#### The task
Repeat the listing below verbatim, without its images.

==*==

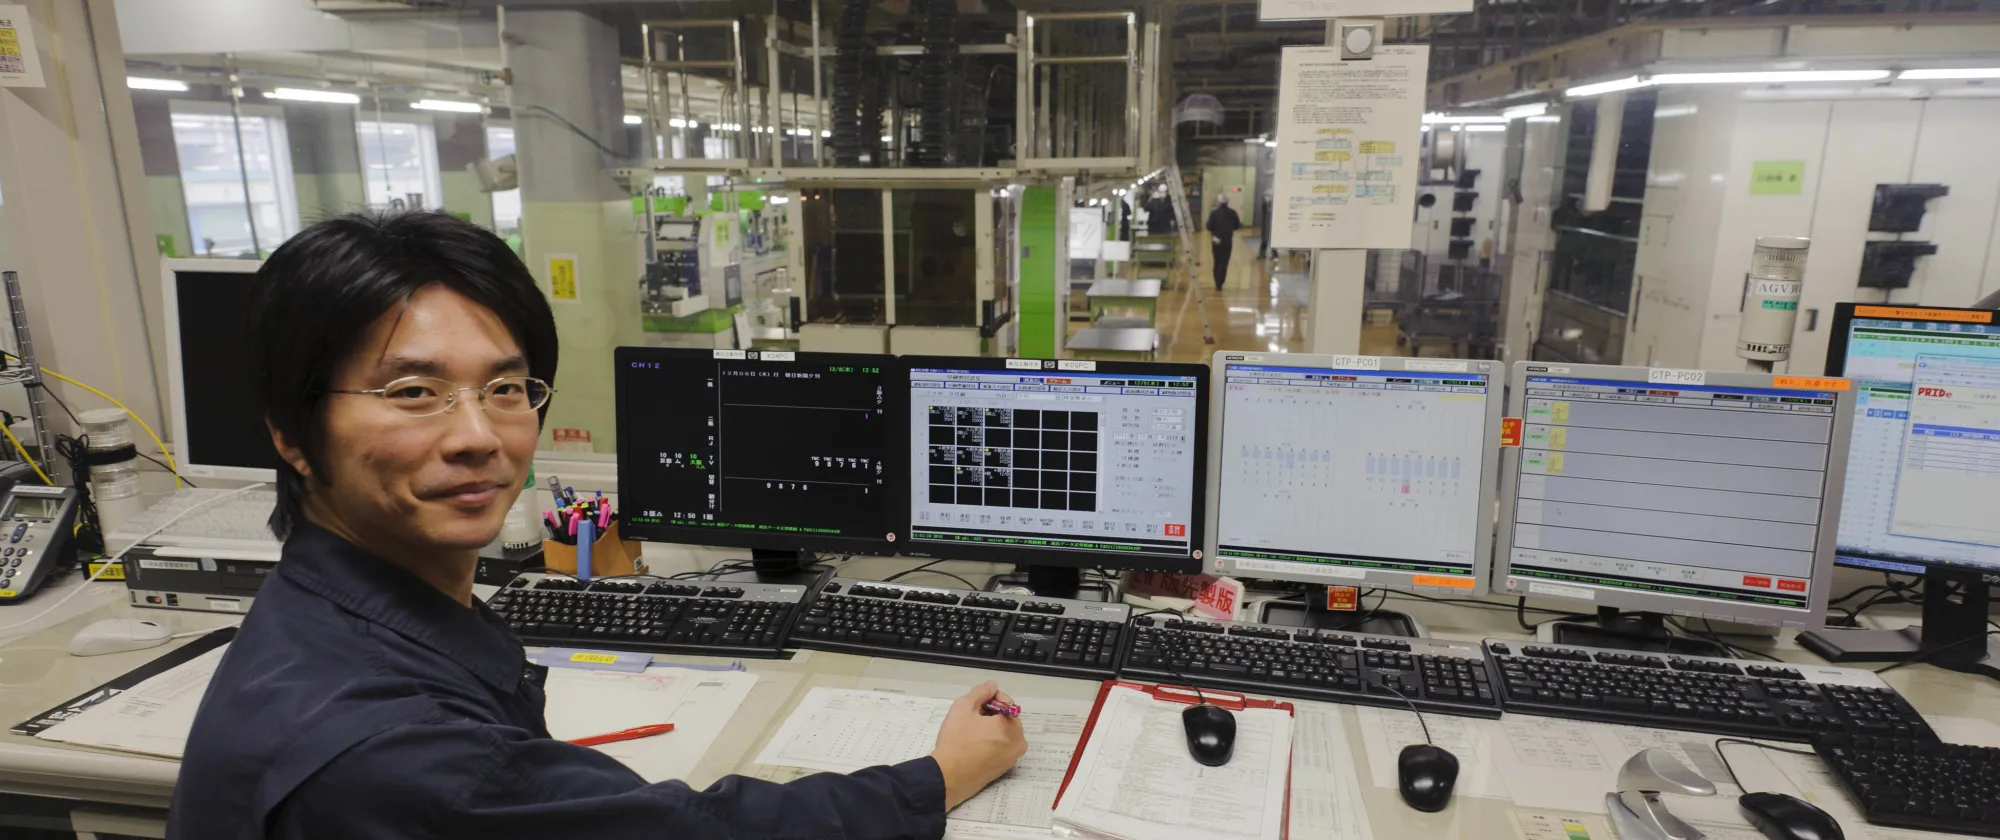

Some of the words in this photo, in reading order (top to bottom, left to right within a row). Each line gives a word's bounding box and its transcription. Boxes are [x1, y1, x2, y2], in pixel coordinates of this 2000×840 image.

[631, 361, 660, 369] CH12
[1335, 357, 1377, 367] CTP-PC01
[1651, 369, 1703, 382] CTP-PC02
[1917, 387, 1952, 398] PRIDe
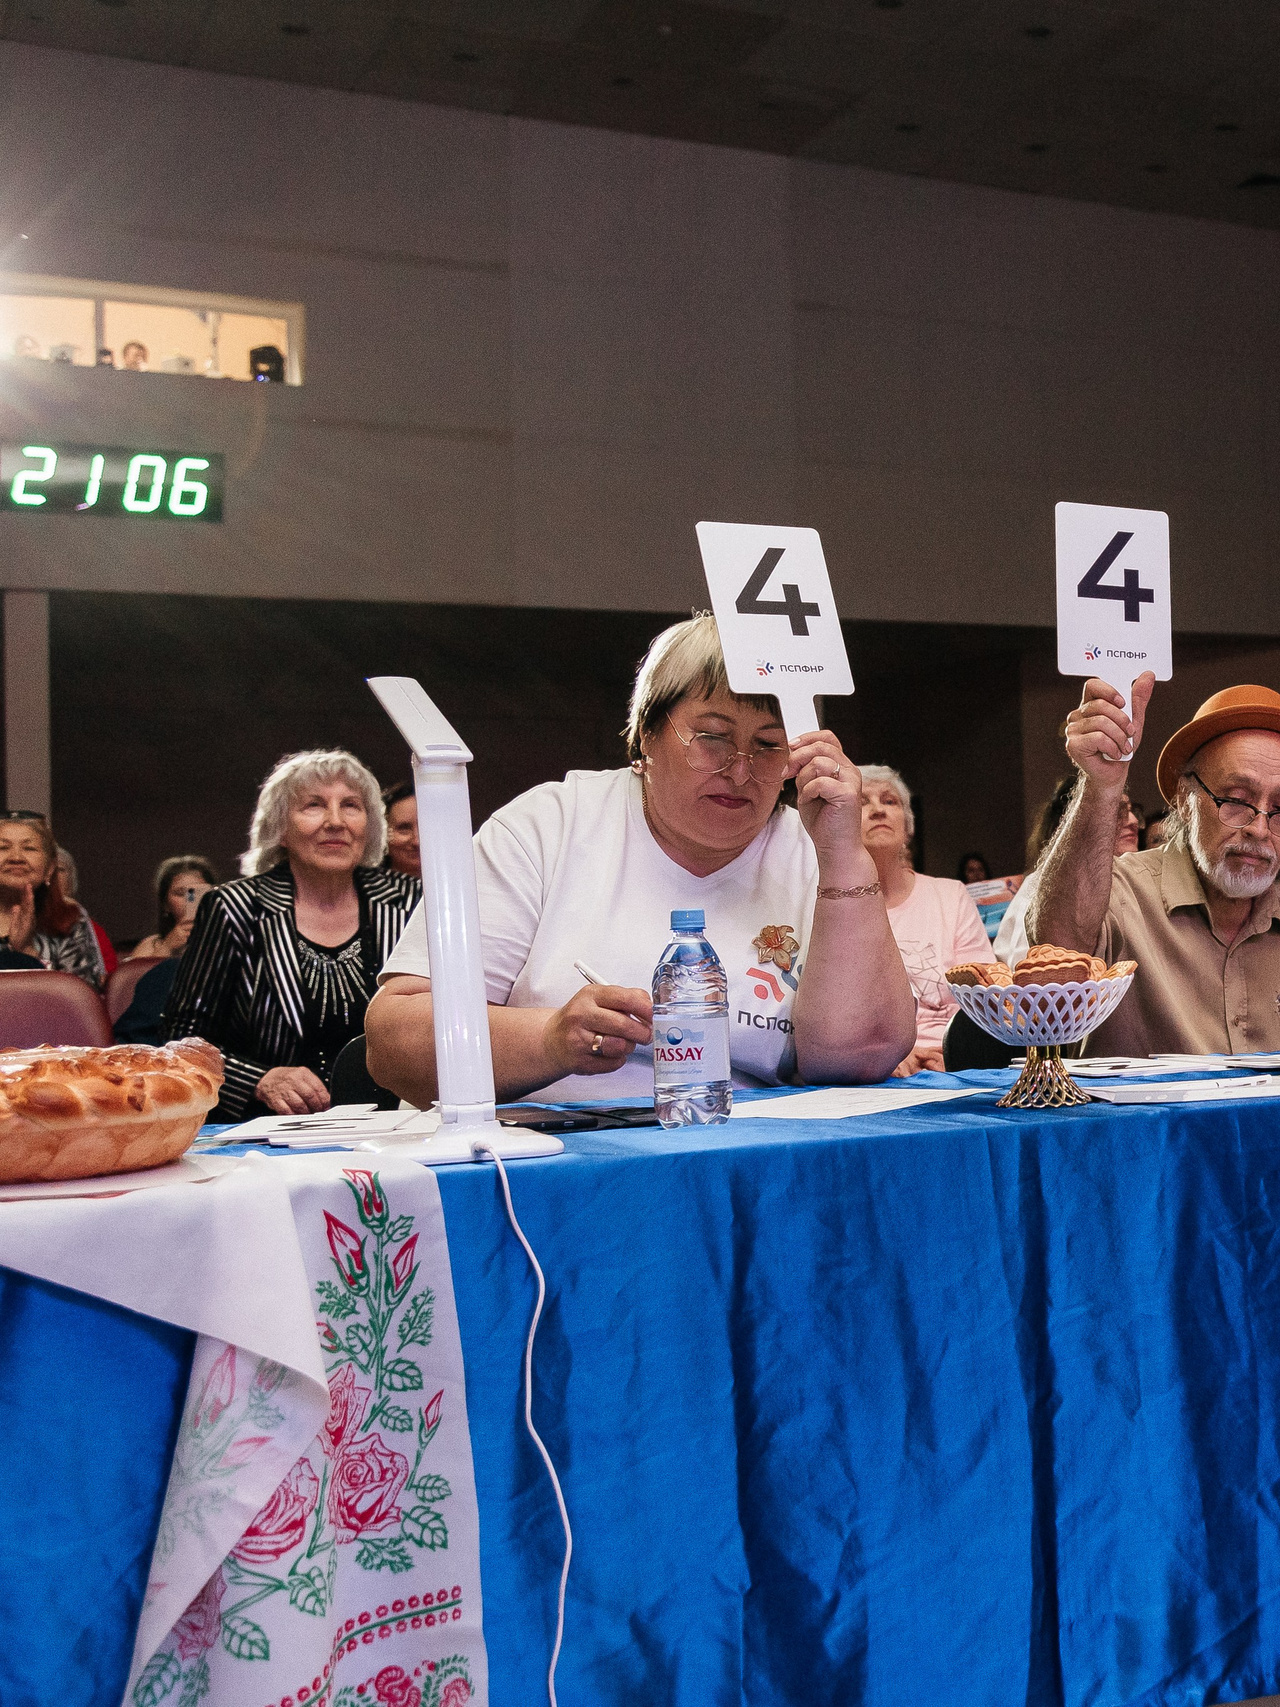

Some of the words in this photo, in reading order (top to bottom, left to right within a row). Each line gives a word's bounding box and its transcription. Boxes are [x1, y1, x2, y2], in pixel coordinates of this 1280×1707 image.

[1077, 531, 1155, 623] 4
[735, 547, 821, 637] 4
[1106, 649, 1147, 660] ПСПФНР
[779, 664, 824, 673] ПСПФНР
[655, 1046, 705, 1062] TASSAY
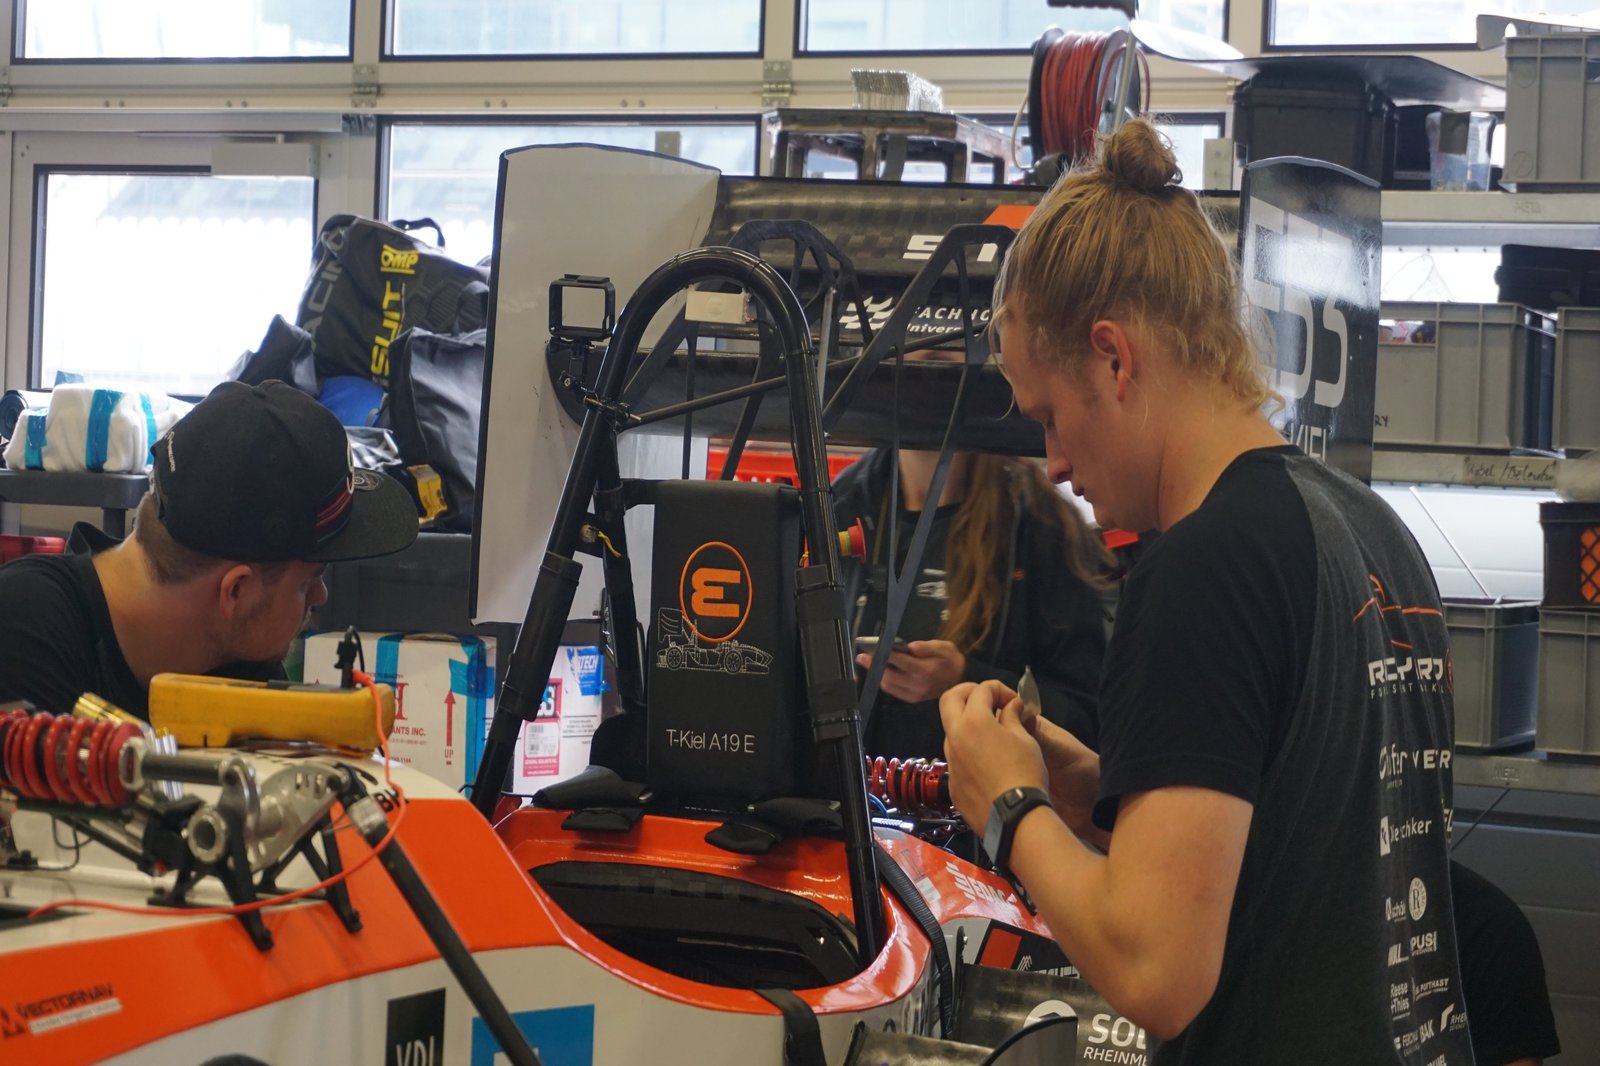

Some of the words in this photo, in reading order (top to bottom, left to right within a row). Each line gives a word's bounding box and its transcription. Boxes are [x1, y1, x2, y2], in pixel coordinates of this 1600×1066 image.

[380, 247, 420, 273] OMP
[665, 728, 706, 750] T-Kiel
[709, 732, 741, 752] A19
[743, 734, 756, 754] E

==*==

#### Response to the task
Some of the words in this photo, in reading order (top to bottom, left to right within a row). Each line gives a word's bounding box and its transcription. Boxes are [x1, y1, x2, y2], in pixel coordinates of this 2000×840 image.

[631, 361, 660, 369] CH12
[1335, 357, 1377, 367] CTP-PC01
[1651, 369, 1703, 382] CTP-PC02
[1917, 387, 1952, 398] PRIDe

Some of the words in this photo, in reading order (top to bottom, left to right within a row). Each line gives a word's bounding box and its transcription. Boxes are [x1, y1, x2, y2], in pixel coordinates of this 1280×1707 image.

[1077, 531, 1155, 623] 4
[735, 547, 821, 637] 4
[1106, 649, 1147, 660] ПСПФНР
[779, 664, 824, 673] ПСПФНР
[655, 1046, 705, 1062] TASSAY

Some of the words in this photo, in reading order (top to bottom, left to right within a row). Each line gives a word's bounding box and its transcription. Boxes are [x1, y1, x2, y2], in pixel coordinates of this 1600×1066 image.

[380, 247, 420, 273] OMP
[665, 728, 706, 750] T-Kiel
[709, 732, 741, 752] A19
[743, 734, 756, 754] E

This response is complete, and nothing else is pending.